Il revient au parlement de débattre des orientations dans lesquelles auront à s'intégrer les initiatives du gouvernement, à charge alors pour le parlement d'en contrôler la fidélité. Car la concurrence de l'exécutif et du législatif sur les mêmes terrains à ses souhaits conduit à l'impasse.

Le régime parlementaire classique est-il l'ennemi du parlement ?

La situation inverse n'est pas beaucoup plus heureuse. C'est celle de la soumission quasi totale du législatif à l'exécutif. On peut, à cet égard, se demander si, paradoxalement, le régime parlementaire classique n'est pas en train de devenir le pire ennemi du parlement, dans la mesure où, le chef de l'exécutif étant en même temps celui de la majorité, celle-ci ne dispose que d'une marge de manoeuvre extrêmement réduite.
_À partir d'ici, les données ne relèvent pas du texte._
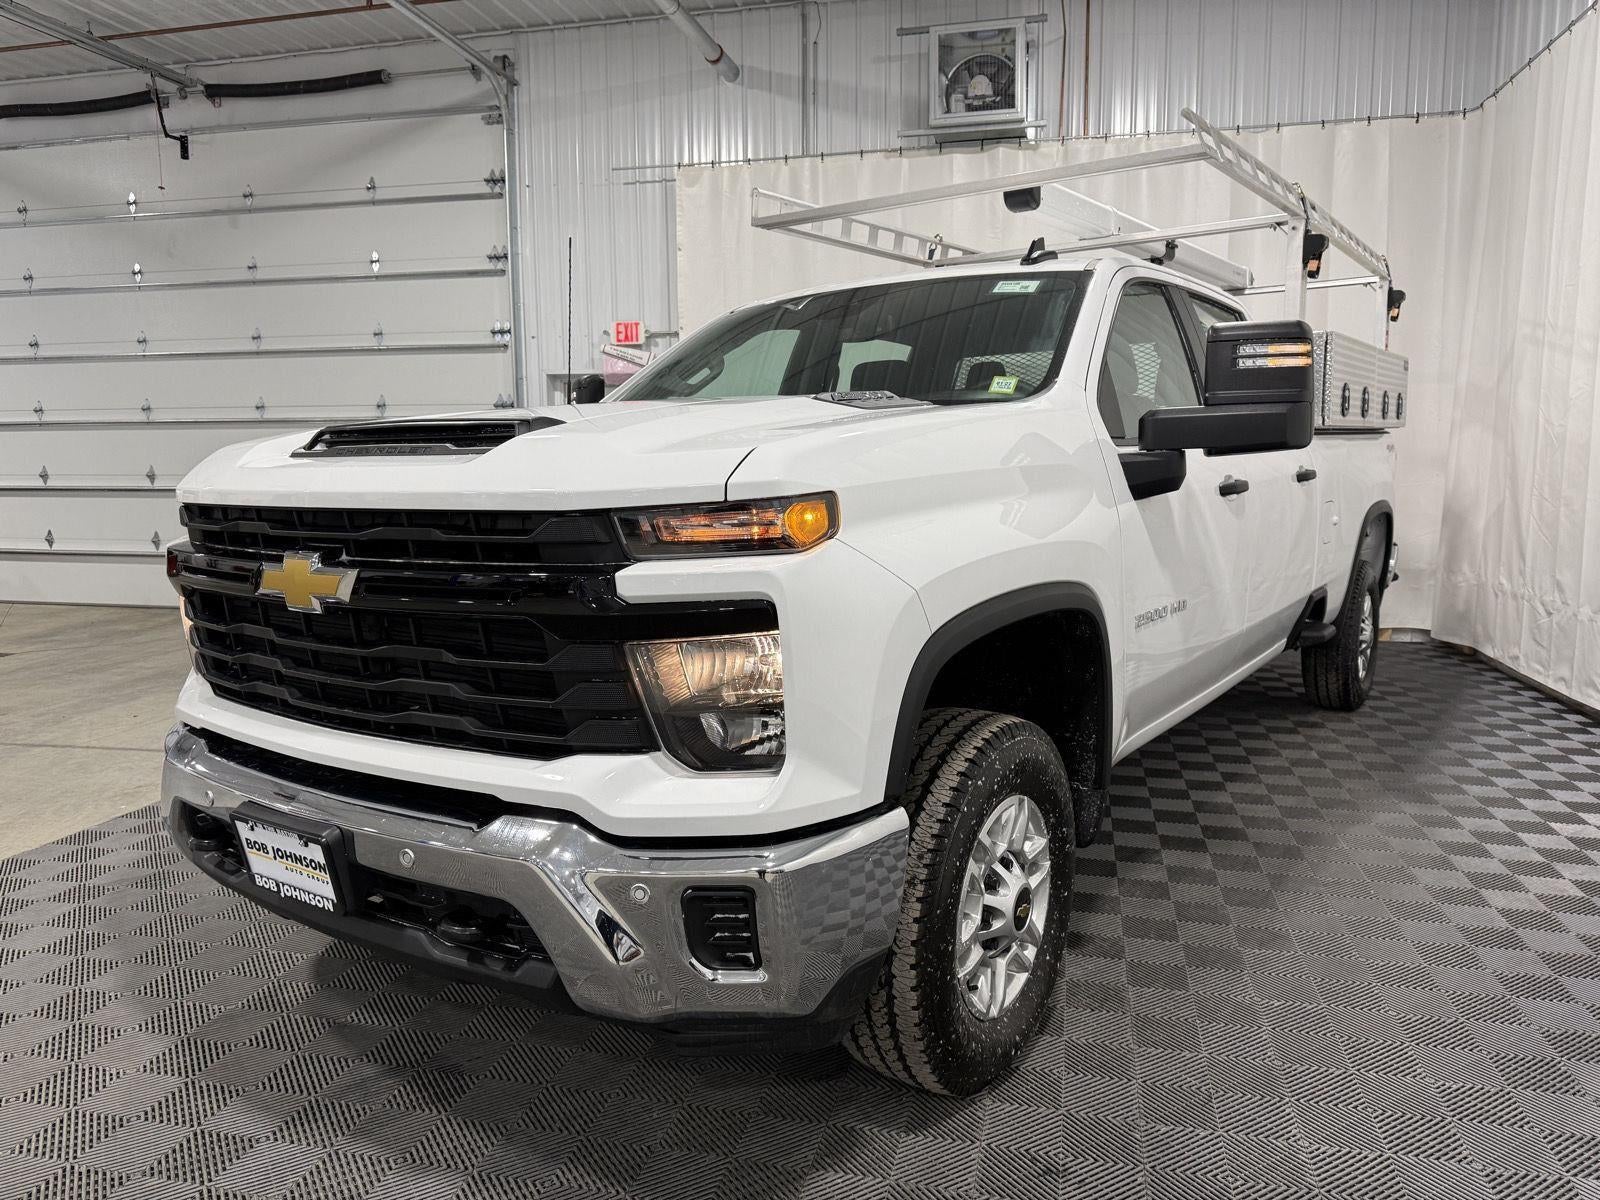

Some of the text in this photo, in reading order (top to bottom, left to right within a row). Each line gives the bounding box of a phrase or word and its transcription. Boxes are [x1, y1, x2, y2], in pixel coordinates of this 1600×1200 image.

[615, 322, 640, 342] EXIT
[336, 447, 433, 456] CHEVROLET
[245, 838, 328, 875] BOB JOHNSON
[285, 865, 329, 885] AUTO GROUP
[254, 873, 334, 912] BOB JOHNSON
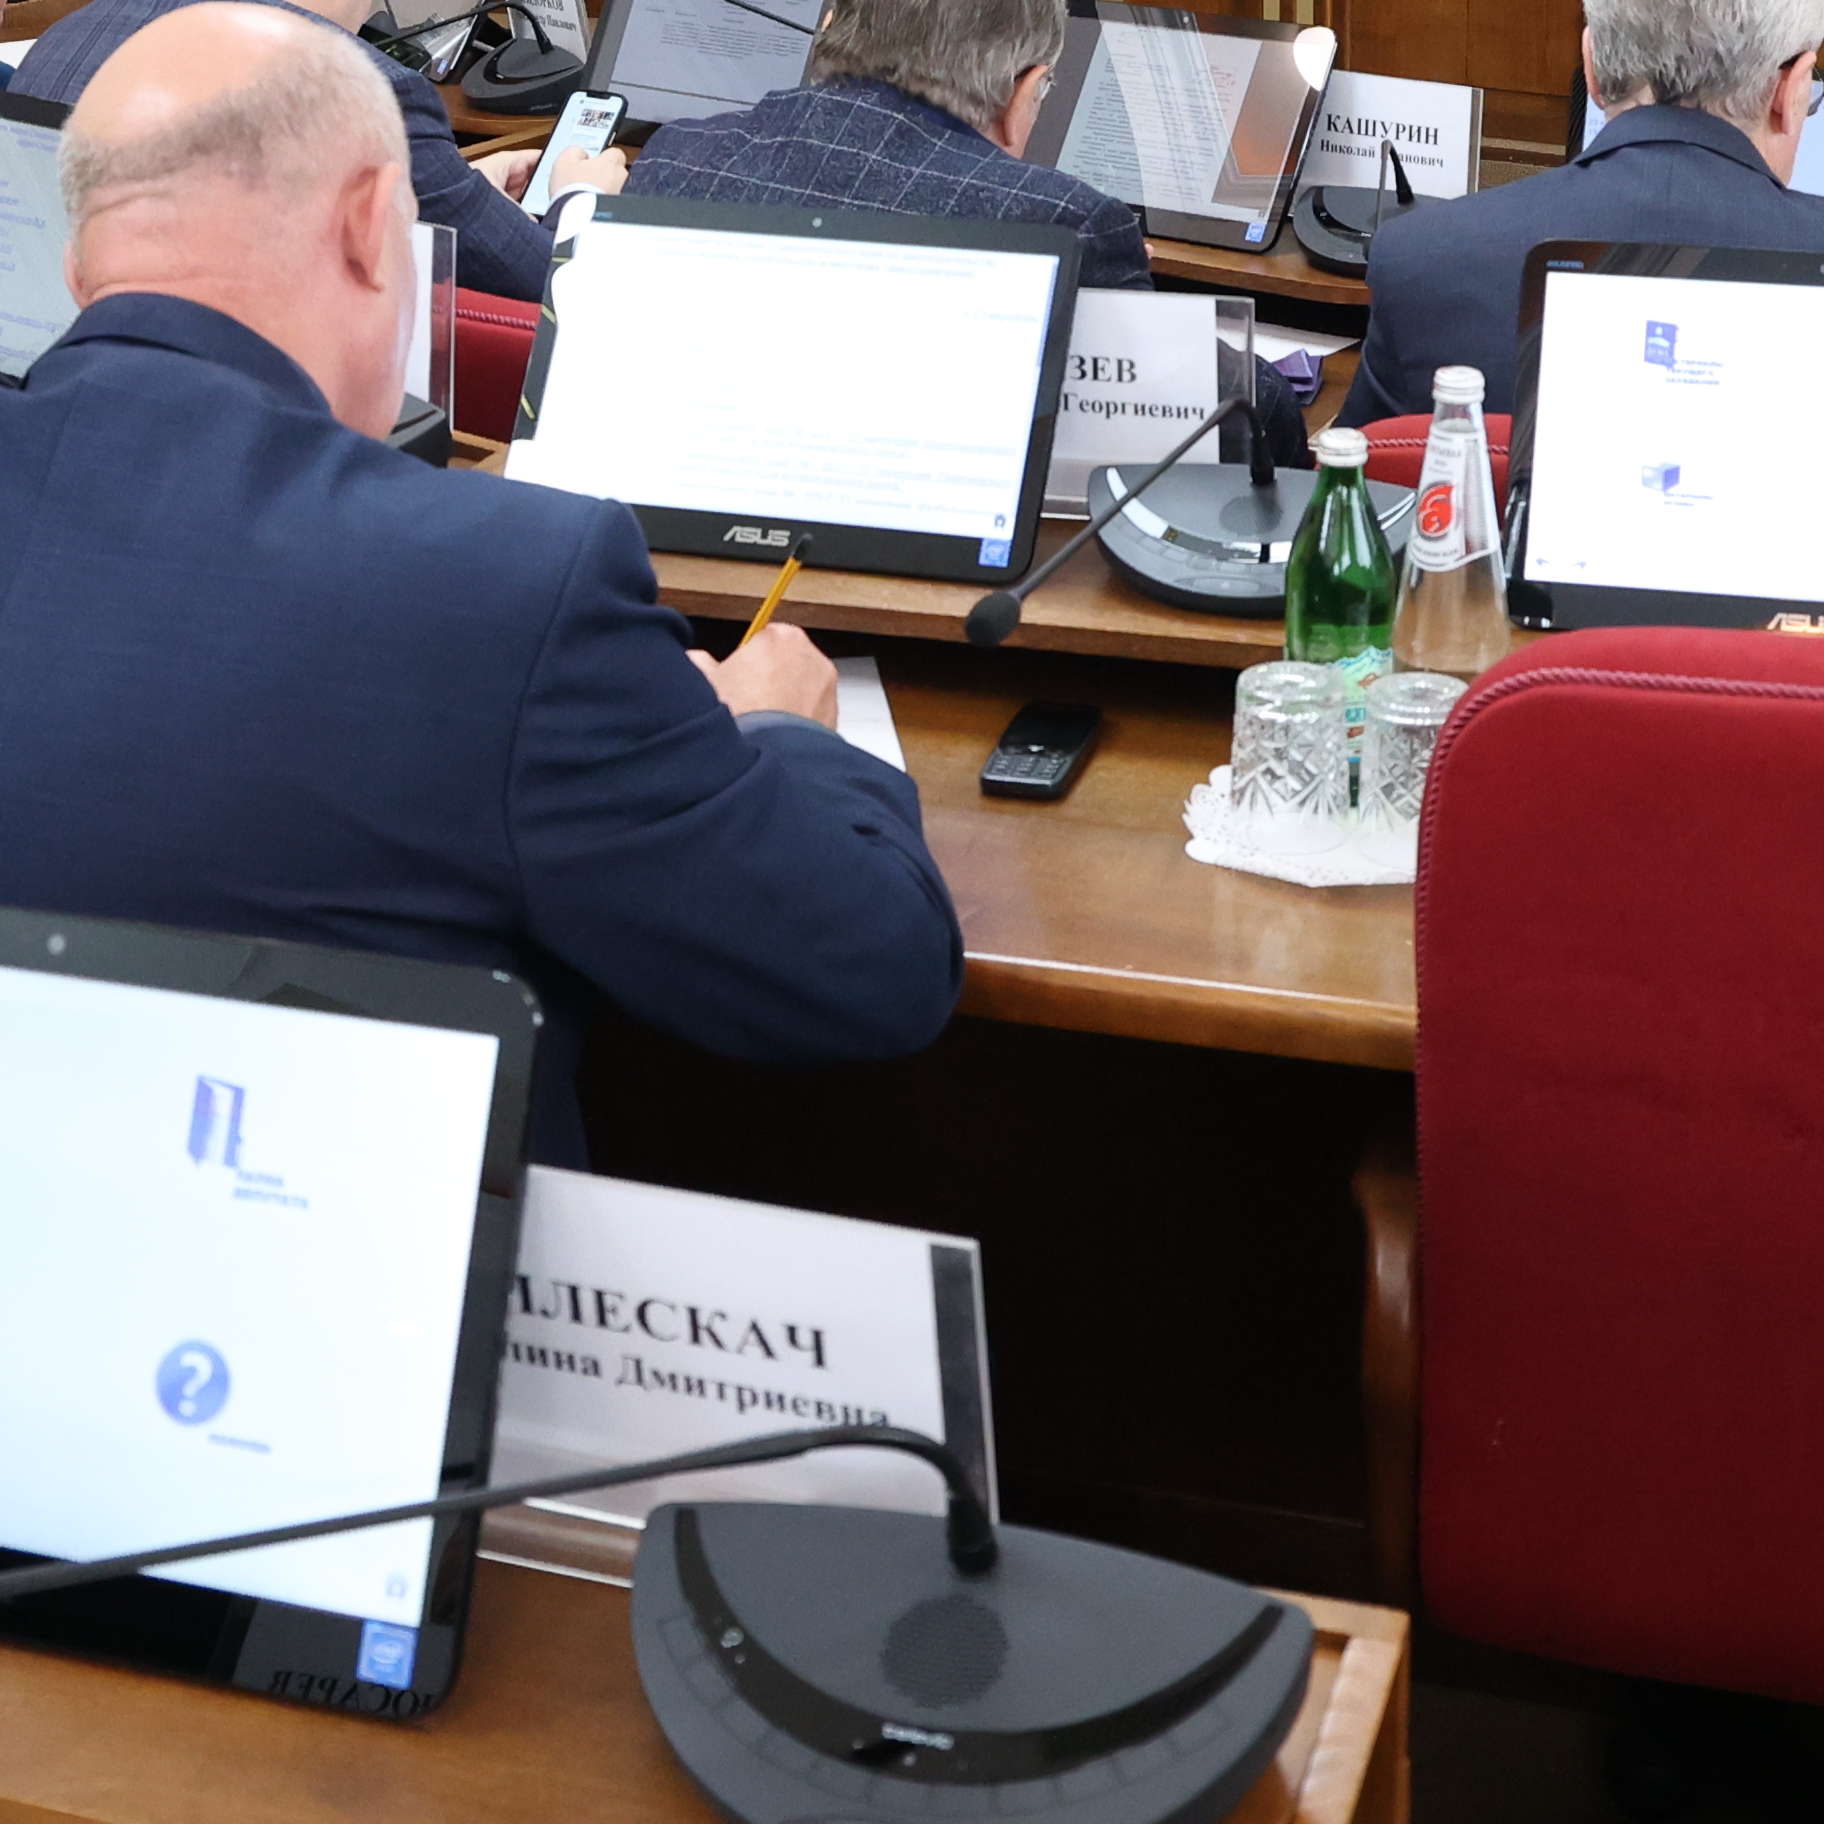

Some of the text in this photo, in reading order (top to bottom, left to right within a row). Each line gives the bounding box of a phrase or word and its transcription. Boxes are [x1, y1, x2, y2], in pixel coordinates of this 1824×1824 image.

Alors que le gouvernement est censé émaner de la Chambre et lui en être redevable, ce sont, au contraire, des rapports quasi hiérarchiques qui s'installent entre le gouvernement et la majorité. Et une uniformité de vues et d'expression en est le pendant. Il en résulte parallèlement un rapport manichéen entre majorité et opposition, aux limites de la caricature, les réflexes quasi pavloviens l'emportant sur la réalité d'un débat qui devient convenu et trop aisément prévisible.

Ces observations peuvent choquer, en particulier dans un pays appliquant un régime parlementaire à la britannique. Que l'on me pardonne, mais dans mes fonctions, j'ai visité et étudié une bonne quarantaine de parlements. Ceux où j'ai le moins entendu les parlementaires exprimer des frustrations appartenaient à des régimes présidentiels, de stricte séparation des pouvoirs.
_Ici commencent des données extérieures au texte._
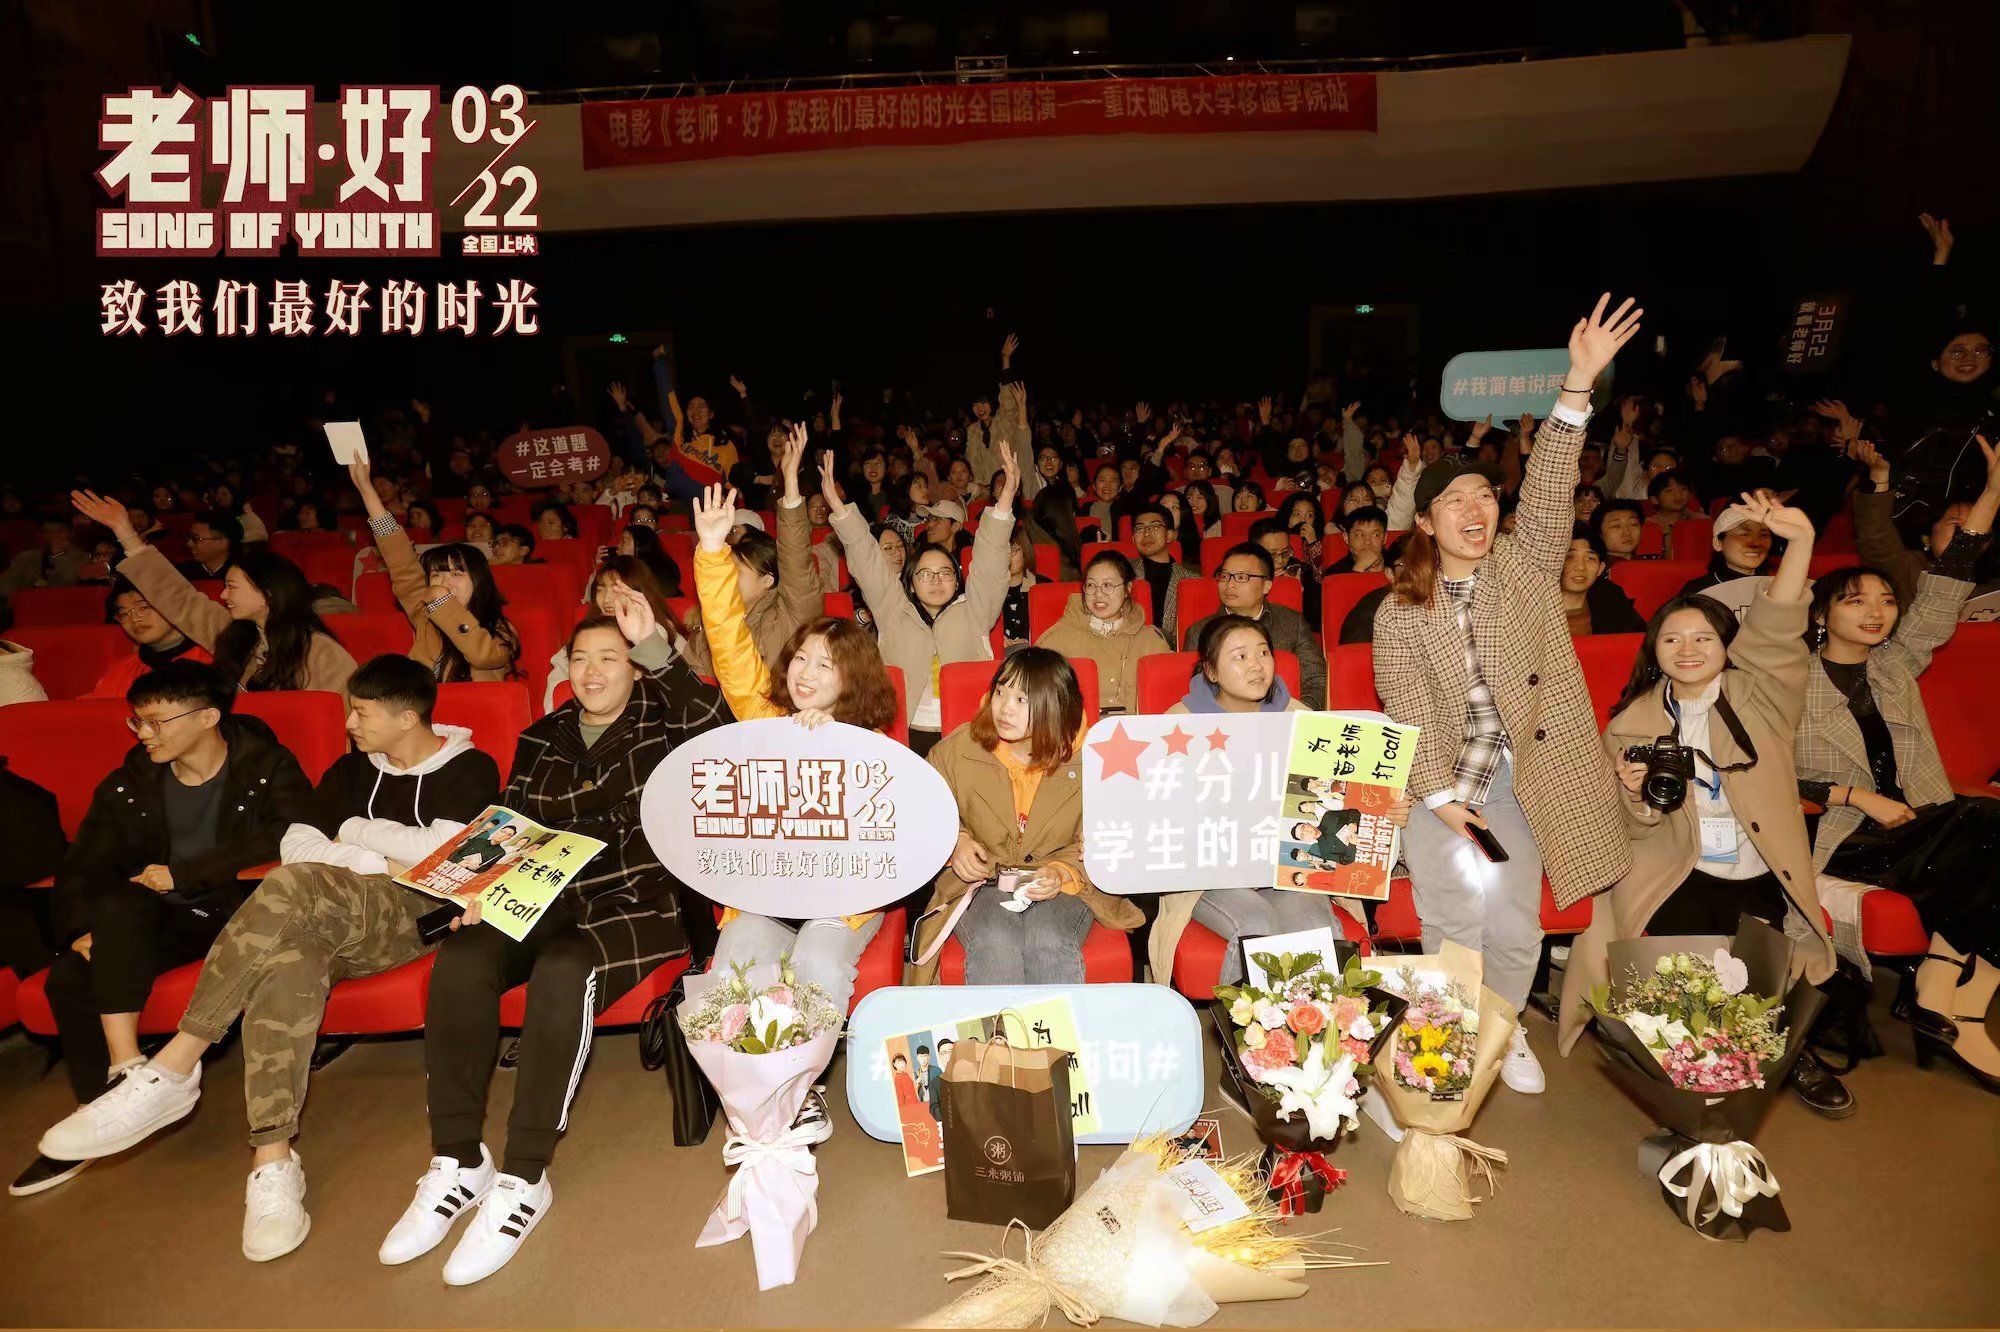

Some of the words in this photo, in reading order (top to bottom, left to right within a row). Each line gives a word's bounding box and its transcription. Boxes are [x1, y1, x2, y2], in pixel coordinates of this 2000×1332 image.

La situation est d'autant plus regrettable que le parlement, les parlements se sont surtout illustrés, ces dernières décennies, par leur incapacité à renouveler leurs méthodes et leur expression. C'est le troisième facteur explicatif de la crise. Cette crise des parlements, si elle a ses facteurs propres, est inséparable d'une crise plus large. Une crise inédite dont il faut chercher les racines dans l'avènement d'une conception presque exclusivement procédurale de la démocratie.

Jadis, pour préserver, améliorer, promouvoir la démocratie, on se préoccupait, surtout, de régler l'équilibre des pouvoirs. Aujourd'hui, le problème n'est il pas, surtout, de lutter contre la réduction de l'étendue du pouvoir politique ? Il ne s'agit plus d'arbitrer entre la souveraineté populaire et la souveraineté nationale : il s'agit d'empêcher, autant que faire se peut, que continue l'affaiblissement de la souveraineté, d'empêcher qu'on continue de diviser, d'encadrer, de limiter par tout moyen son exercice. Jadis, la démocratie cherchait à établir des principes de légitimité et de responsabilité, à faire passer le droit avant la force et, pour tout dire, elle était inséparable d'un système de valeurs…La démocratie se confondait avec une politique ou, plutôt, avec une certaine idée de la politique qui n'absorbait pas toute la politique et qui variait d'un pays à l'autre, mais qui exprimait quand même, universellement, quelque chose d'essentiel sur le rôle, la place et la nature de la politique.

Plantu (France) Par le suffrage universel, la démocratie avait placé la politique au-dessus de tout, en même temps qu'elle rendait impossible que tout fût politique. Car la démocratie ne se mesure pas tant à l'aune de la séparation des pouvoirs qu'à celle de la distinction entre l'Etat et la société, au respect d'une ligne de partage invisible entre ce qui relève de la volonté générale et ce qui ne relève que de la volonté particulière, entre l'espace public et l'espace privé. La démocratie n'est pas tant un système politique dans lequel « le pouvoir arrête le pouvoir », qu'un système politique dans lequel la toute puissance de la volonté générale est bornée par le pluralisme, la liberté d'expression et de pensée, l'égalité et le droit de propriété. Car il ne suffit pas d'instaurer le gouvernement du peuple par le peuple et pour le peuple, ni d'organiser des contre-pouvoirs institutionnels pour bâtir une démocratie.

En vérité, il n'y a pas de démocratie réelle sans culture démocratique, sans l'attachement largement partagé à des principes inviolables et sacrés qui garantissent le respect d'une certaine idée de l'homme.